Trieste Airport, ci sarà una nuova gara
TRIESTE «Sì, l'intenzione è di ragionare su un nuovo bando». Dopo avere annunciato la disponibilità della Regione a cedere la maggioranza delle quote di Aeroporto Fvg, l’assessore ai Trasporti Graziano Pizzimenti, d’intesa con Massimiliano Federiga e la giunta, fa sapere che la soluzione non sarà quella della trattativa privata con i gruppi che hanno manifestato interesse al primo bando, senza tuttavia presentare un’offerta, ma si procederà invece, a meno di sorprese, a una seconda gara. Con totale apprezzamento, a quanto pare, oltre che di F2i, che si era espresso in prima battuta, anche di Save che, con il presidente Enrico Marchi, ufficializza: «Con questa giunta del Friuli Venezia Giulia sembra che si possa finalmente dialogare su fatti concreti». È uno dei dossier più importanti sul tavolo della Regione.
Dopo l’assenza di offerte per il 45% delle quote, con la possibilità di un ulteriore 10% solo nel caso in cui, per i tre anni successivi all’acquisto, il socio privato avesse concretizzato un incremento del traffico del 7% annuo, oltre a migliorare i parametri del piano industriale, si tratta di cambiare rotta. E, a quanto pare, la volontà è di assecondare il mercato, come suggerito dai vertici dello scalo, il presidente Antonio Marano e il direttore generale Marco Consalvo. I potenziali investitori non mancano. Sono soprattutto italiani. Gruppi da non meno di 10 milioni di Wlu, Work Loard Unit, la somma di presenze e merci gestite in un anno. Il primo a esporsi, dopo la scadenza di una gara andata deserta, è stato F2i, fondo privato che copre quasi il 40% del traffico aeroportuale con il controllo di Torino, Napoli, una quota di Bologna e la gestione pure di Milano Malpensa, Linate e Alghero. Decisamente interessato a integrare Trieste Airport «in un network aeroportuale più ampio che ne sostenga lo sviluppo industriale». Ma la privatizzazione, altra precisazione, «dovrebbe consentire al partner gli spazi di manovra necessari per il conseguimento di tale integrazione e degli obiettivi condivisi con il pubblico per lo sviluppo del traffico in ambito regionale».
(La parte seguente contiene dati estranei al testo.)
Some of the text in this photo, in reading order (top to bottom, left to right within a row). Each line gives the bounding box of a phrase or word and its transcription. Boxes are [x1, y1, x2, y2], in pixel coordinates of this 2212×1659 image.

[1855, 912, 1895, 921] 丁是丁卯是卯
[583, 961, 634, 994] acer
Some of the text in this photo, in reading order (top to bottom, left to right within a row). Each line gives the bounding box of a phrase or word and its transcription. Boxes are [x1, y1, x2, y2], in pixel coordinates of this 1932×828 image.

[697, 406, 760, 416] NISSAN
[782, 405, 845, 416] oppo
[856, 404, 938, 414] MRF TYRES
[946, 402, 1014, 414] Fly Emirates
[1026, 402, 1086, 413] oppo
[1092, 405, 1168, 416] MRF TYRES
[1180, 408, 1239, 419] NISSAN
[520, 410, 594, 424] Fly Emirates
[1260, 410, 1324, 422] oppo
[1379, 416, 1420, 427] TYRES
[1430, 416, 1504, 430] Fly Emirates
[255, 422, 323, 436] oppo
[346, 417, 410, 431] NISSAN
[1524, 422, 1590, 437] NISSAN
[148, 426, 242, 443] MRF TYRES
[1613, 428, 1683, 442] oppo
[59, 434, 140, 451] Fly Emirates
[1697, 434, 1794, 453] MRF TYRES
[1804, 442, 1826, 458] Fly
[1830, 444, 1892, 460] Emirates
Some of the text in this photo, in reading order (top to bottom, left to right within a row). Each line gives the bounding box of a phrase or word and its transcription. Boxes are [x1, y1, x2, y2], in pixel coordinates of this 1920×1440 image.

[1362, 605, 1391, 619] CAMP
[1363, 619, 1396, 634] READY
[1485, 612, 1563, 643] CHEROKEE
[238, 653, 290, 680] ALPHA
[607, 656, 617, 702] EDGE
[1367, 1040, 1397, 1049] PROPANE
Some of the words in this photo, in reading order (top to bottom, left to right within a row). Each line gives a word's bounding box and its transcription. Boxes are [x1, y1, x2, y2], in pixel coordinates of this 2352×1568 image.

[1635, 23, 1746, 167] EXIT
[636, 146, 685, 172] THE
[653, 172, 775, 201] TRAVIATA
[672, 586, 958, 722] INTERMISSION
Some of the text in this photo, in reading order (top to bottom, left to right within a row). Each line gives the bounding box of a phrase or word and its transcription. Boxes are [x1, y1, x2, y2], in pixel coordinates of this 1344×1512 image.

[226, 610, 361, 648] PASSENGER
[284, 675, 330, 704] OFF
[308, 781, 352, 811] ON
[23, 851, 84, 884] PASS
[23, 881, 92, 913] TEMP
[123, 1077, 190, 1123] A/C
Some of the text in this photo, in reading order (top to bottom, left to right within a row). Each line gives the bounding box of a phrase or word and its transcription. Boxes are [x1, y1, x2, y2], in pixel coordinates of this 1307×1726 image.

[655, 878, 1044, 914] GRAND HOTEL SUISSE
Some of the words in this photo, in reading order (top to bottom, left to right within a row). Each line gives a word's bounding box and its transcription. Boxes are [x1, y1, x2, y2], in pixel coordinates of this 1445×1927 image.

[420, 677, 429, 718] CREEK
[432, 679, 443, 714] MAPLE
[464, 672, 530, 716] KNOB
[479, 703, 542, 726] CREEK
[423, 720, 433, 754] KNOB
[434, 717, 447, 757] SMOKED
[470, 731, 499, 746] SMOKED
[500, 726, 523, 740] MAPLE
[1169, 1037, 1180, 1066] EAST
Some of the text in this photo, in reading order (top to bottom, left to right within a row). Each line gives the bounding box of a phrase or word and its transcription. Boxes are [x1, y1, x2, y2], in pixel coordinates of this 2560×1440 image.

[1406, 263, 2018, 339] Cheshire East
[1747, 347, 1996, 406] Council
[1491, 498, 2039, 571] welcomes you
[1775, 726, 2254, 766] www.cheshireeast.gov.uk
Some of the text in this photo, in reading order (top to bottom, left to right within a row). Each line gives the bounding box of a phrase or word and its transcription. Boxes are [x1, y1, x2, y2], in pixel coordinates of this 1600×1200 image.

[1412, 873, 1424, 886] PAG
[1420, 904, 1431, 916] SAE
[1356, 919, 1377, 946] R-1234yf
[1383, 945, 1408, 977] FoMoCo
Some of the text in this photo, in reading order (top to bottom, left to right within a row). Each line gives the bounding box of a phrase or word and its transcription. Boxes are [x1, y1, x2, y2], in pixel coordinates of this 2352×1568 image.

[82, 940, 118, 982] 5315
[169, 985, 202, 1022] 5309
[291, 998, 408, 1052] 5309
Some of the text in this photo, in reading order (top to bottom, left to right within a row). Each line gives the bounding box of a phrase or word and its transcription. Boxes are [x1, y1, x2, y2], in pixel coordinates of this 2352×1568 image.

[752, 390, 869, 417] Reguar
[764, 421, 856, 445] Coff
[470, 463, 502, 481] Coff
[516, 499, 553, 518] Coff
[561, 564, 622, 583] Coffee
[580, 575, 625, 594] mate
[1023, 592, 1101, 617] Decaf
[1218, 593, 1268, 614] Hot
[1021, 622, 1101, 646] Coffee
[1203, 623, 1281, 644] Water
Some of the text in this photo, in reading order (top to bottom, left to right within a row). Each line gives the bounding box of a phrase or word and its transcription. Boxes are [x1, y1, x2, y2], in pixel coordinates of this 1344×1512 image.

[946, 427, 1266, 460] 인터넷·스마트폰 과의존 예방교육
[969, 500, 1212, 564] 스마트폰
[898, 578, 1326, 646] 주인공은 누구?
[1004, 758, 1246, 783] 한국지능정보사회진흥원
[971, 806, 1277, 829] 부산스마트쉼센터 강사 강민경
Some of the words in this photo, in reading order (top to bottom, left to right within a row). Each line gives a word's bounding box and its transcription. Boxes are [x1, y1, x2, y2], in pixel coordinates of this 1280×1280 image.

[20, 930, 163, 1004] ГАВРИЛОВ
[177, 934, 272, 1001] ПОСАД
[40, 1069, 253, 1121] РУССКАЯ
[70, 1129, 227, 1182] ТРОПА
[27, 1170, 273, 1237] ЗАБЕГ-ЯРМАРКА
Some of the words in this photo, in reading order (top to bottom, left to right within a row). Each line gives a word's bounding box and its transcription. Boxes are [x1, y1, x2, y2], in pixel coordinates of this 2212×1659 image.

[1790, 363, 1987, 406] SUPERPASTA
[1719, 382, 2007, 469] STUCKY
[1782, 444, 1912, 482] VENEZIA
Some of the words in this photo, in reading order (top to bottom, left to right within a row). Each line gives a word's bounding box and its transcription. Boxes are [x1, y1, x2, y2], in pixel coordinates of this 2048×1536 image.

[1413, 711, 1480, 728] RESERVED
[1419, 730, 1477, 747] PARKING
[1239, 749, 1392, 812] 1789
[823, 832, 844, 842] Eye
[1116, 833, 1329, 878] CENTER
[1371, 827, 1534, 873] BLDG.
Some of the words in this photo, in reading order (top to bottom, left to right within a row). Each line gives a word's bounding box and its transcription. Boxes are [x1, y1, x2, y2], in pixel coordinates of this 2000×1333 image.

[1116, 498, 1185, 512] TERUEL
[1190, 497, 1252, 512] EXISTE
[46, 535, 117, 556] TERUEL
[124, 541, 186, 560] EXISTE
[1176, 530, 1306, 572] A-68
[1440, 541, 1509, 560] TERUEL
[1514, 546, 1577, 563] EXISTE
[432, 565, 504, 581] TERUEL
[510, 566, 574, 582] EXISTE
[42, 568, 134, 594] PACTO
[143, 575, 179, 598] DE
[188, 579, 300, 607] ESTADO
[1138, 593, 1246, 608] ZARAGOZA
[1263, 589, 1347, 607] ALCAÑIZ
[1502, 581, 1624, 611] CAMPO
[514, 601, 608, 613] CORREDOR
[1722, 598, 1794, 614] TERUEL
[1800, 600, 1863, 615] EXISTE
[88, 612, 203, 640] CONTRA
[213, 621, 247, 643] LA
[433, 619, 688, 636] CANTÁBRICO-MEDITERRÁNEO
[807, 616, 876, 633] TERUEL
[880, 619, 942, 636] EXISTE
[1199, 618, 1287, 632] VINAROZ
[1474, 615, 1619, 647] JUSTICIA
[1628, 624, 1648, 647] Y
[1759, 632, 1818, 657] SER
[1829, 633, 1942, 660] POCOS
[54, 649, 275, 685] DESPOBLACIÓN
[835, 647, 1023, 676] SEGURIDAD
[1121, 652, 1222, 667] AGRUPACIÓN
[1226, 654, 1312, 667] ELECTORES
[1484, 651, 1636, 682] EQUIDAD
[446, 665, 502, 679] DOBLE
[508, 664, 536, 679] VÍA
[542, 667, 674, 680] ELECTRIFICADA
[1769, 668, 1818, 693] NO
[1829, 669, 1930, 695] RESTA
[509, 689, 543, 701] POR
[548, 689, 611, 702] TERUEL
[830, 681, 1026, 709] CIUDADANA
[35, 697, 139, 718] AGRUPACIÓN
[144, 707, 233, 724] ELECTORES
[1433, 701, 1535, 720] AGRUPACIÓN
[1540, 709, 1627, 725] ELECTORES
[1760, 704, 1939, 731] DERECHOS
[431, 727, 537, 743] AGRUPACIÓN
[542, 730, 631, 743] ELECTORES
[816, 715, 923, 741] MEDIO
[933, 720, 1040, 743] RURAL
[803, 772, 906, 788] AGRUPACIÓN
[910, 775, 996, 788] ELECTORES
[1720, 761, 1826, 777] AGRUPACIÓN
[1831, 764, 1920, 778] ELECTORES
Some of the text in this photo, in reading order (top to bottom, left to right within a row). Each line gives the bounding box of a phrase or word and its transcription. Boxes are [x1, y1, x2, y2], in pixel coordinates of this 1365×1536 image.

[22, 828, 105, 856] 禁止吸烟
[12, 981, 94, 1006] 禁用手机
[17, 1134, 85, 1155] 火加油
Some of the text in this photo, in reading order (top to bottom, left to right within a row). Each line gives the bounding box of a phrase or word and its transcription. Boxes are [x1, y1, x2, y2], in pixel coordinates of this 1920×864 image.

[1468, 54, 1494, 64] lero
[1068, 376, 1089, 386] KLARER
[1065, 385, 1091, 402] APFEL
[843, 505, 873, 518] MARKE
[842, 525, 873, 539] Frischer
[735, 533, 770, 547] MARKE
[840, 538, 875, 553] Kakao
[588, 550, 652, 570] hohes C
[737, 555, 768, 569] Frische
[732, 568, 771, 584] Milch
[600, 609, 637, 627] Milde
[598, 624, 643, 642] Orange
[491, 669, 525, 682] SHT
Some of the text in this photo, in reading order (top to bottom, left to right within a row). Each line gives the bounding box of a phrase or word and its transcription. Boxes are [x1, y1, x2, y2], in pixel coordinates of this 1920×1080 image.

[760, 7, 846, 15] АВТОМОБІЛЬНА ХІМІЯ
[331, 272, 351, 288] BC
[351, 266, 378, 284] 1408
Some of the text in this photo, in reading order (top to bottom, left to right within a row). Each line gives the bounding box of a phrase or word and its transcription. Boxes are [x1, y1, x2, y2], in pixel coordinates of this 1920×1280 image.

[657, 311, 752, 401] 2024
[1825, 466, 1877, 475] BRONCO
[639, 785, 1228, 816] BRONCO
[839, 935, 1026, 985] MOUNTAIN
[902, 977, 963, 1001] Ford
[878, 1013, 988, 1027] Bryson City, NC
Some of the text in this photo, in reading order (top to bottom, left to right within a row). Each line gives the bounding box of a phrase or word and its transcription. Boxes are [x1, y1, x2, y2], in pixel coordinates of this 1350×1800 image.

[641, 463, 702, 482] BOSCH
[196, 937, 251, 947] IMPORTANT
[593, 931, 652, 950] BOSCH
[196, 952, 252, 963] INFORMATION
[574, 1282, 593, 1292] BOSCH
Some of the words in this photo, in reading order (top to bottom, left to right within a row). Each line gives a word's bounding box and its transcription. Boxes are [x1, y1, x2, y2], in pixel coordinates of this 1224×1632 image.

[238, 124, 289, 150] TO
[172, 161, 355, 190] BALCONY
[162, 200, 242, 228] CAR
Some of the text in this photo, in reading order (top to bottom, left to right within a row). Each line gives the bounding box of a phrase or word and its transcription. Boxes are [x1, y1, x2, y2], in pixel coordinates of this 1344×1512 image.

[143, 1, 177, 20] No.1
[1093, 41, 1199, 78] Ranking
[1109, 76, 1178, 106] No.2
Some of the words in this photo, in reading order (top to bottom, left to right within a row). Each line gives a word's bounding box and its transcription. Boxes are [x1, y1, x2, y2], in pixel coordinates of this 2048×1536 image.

Ora però c’è anche Save. Marchi lo fa capire chiaramente: «Con la nuova giunta in Fvg si riaprono le condizioni per un dialogo su temi di tipo industriale e non esclusivamente astratti come quelli portati avanti finora. Con la giunta precedente – insiste il manager dell’aeroporto di Venezia – avevamo accantonato un eventuale interesse per l’impossibilità di ragionamenti concreti. Tanto più dopo un bando privo di senso a partire dalla valutazione complessiva di 70 milioni di euro di una società in cui non mancano, annualmente, 3 milioni di euro di finanziamento pubblico. Senza quei soldi, che sono pure serviti alle roboanti affermazioni su un’azienda che guadagna, Ryanair volerebbe su Ronchi?». Marchi ne fa una questione di capacità di manovra industriale. Ricorda l’ingresso in minoranza a Treviso e poi a Verona, ma con libertà di movimento e quindi con la possibilità di incidere su scelte e risultati. «Penso al fatto che a Treviso le cose sono andate così bene che abbiamo dovuto perfino ridimensionare il piano di espansione per venire incontro alle esigenze degli abitanti e della città». E dunque, se il nuovo bando consentirà al partner industriale di controllare davvero lo scalo Fvg, se in sostanza l’assetto di governance proposto sarà soddisfacente, Venezia ci sarà. «Noi siamo abituati a parlare di cose concrete su prospettive concrete», insiste Marchi. Adesso non resta che attendere le prossime decisioni della giunta. Il bando, con una probabile cessione del 51% delle quote – del resto l’assessore Pizzimenti ha chiarito che la questione «non è un tabù» – dovrebbe essere pubblicato entro l’estate, per una conclusione dell’operazione di privatizzazione entro il 2018.